Hewlett-Packard Journal, Dec, 1993 by Manfred Bartz, Keith A. Bayern, Joseph R. Diederichs, David F. Kelley

The source follower configuration is susceptible to oscillations if driven from a reactive source impedance. Gatestopper resistors (small-value resistors placed right at the FET gate) ensure that the stage is stable for any source impedance presented at the input. 196 ohms was chosen because models showed it absolutely guaranteed stability while negligibly affecting the overall noise figure for the input, which is dominated by the preamplifier.

Preamplifier

Wide-bandwidth current-feedback operational amplifiers are used for all of the remaining signal amplification tasks in the input circuit (see Fig. 3).
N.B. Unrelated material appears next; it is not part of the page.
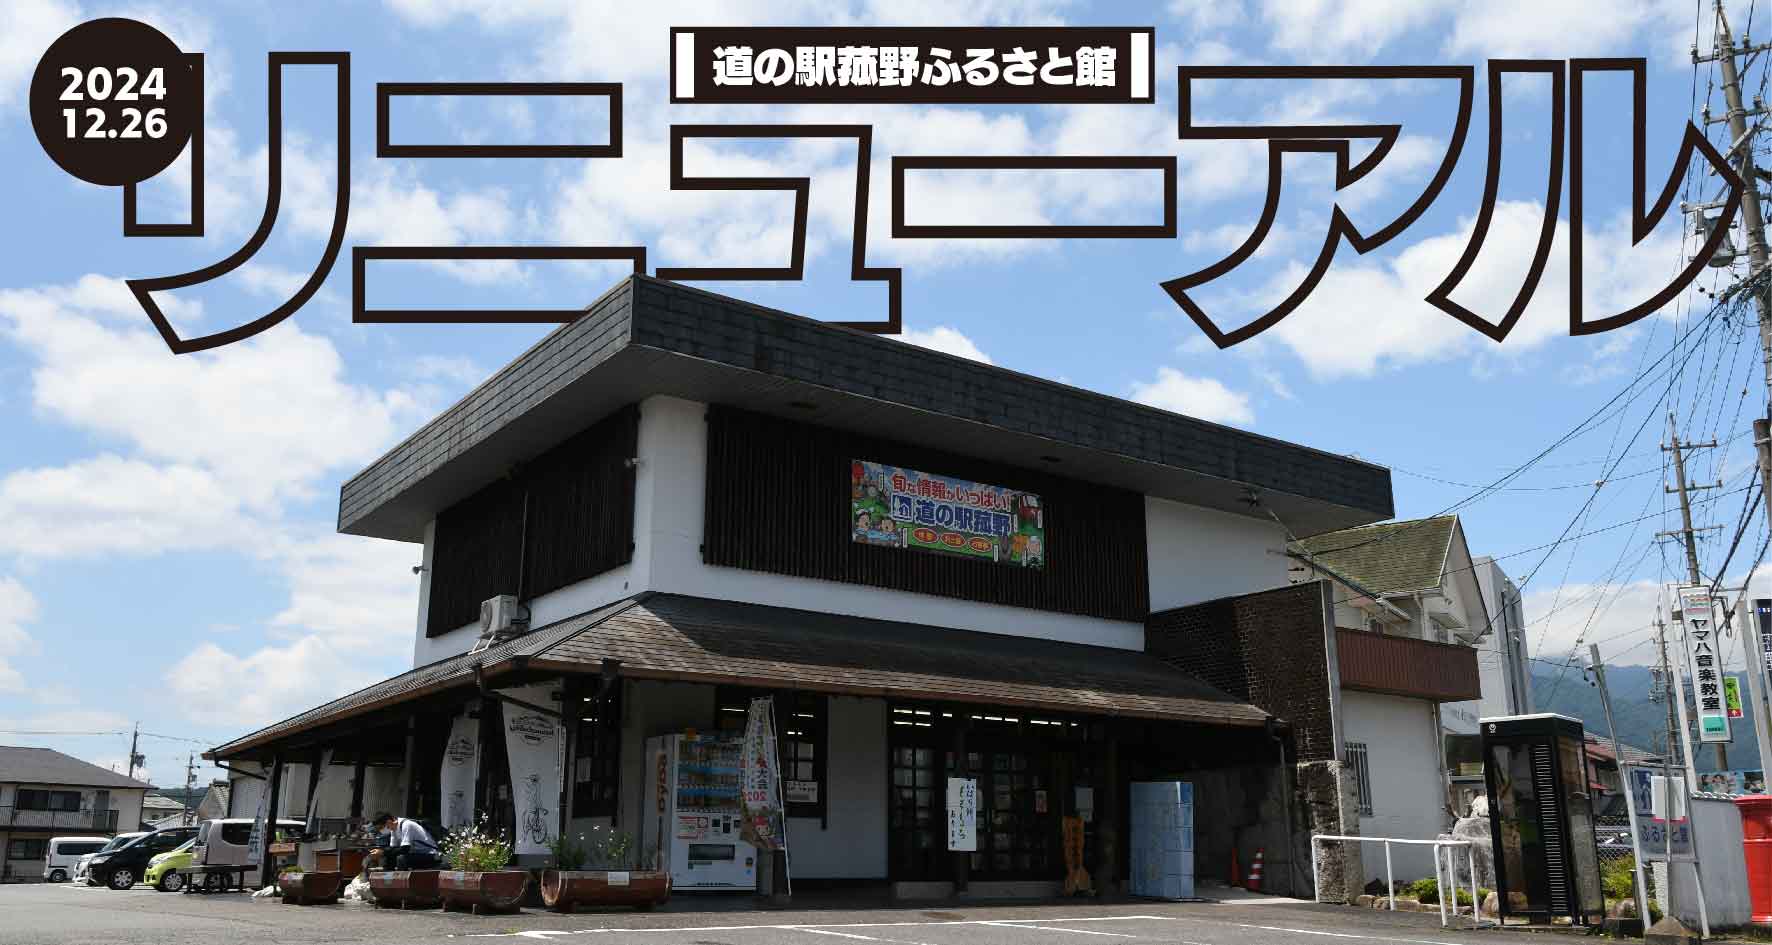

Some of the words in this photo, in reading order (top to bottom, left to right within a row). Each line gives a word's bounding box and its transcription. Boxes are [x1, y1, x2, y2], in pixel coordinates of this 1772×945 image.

These very high-speed, high-fidelity devices allow amplification stages to be built with very wide bandwidth, relatively independent of the stage gain, because of their current-feedback topology.
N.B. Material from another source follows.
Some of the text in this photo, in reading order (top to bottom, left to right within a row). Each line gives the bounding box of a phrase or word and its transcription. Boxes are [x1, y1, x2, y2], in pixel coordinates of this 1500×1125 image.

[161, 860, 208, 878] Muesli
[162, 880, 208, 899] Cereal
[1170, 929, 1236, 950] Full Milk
This gain-bandwidth independence is exploited in the variable-gain preamp stage, which can be set to gains of 13.4 dB or 3.4 dB, thus giving the functionality of a 10-dB pad in the circuit for ranging. For the small input ranges, it is important to achieve as much signal gain in this stage as possible to have the best noise performance. The 13.4-dB gain setting is used, providing about a 17-dB noise figure for the stage. This dominates the sensitivity performance of the input. Large gain leads to a quiet preamp stage because the dominant noise mechanism for these amplifiers is inverting input current noise, which generates an output noise for the stage that is independent of gain setting. Referred back to the input, this fixed output noise becomes a smaller equivalent input noise with larger gain.

Signal Return Ground

A special signal return ground is used for the input cable through the preamp stages. This ground is connected back to the main chassis ground at only one point: the point where the input cable shield comes onboard. This is required for reasons similar to those prompting the input connectors to be dc isolated at the front panel, that is, currents generated by other mechanisms in the instrument flow across the board ground planes in this area, generating small but significant spurious voltage drops that cannot be allowed to add to the input signal. Bringing all connections to the signal return ground back to a single chassis ground connection point prevents other currents from flowing across the signal return ground, generating spurious voltages.

After the preamp, the input signal is large enough not to be adversely effected by spurious ground currents, and the board ground planes are used for signal return. The inclusion of this separate signal return ground results in approximately a 10-dB reduction in the level of switching power supply ,'elated spurious signals, adding enough specification margin to guarantee producibility.

DC Offset

A 12-bit digital-to-analog converter sums dc into the dc offset stage, which is a high-speed current-feedback operational amplifier. This is done under control of the instrument CPU and autozero software routines, and compensates for dc offset all the way to the analog-to-digital converter. Care is taken not to introduce noise from the digital side and to maintain frequency response flatness in the summing stage.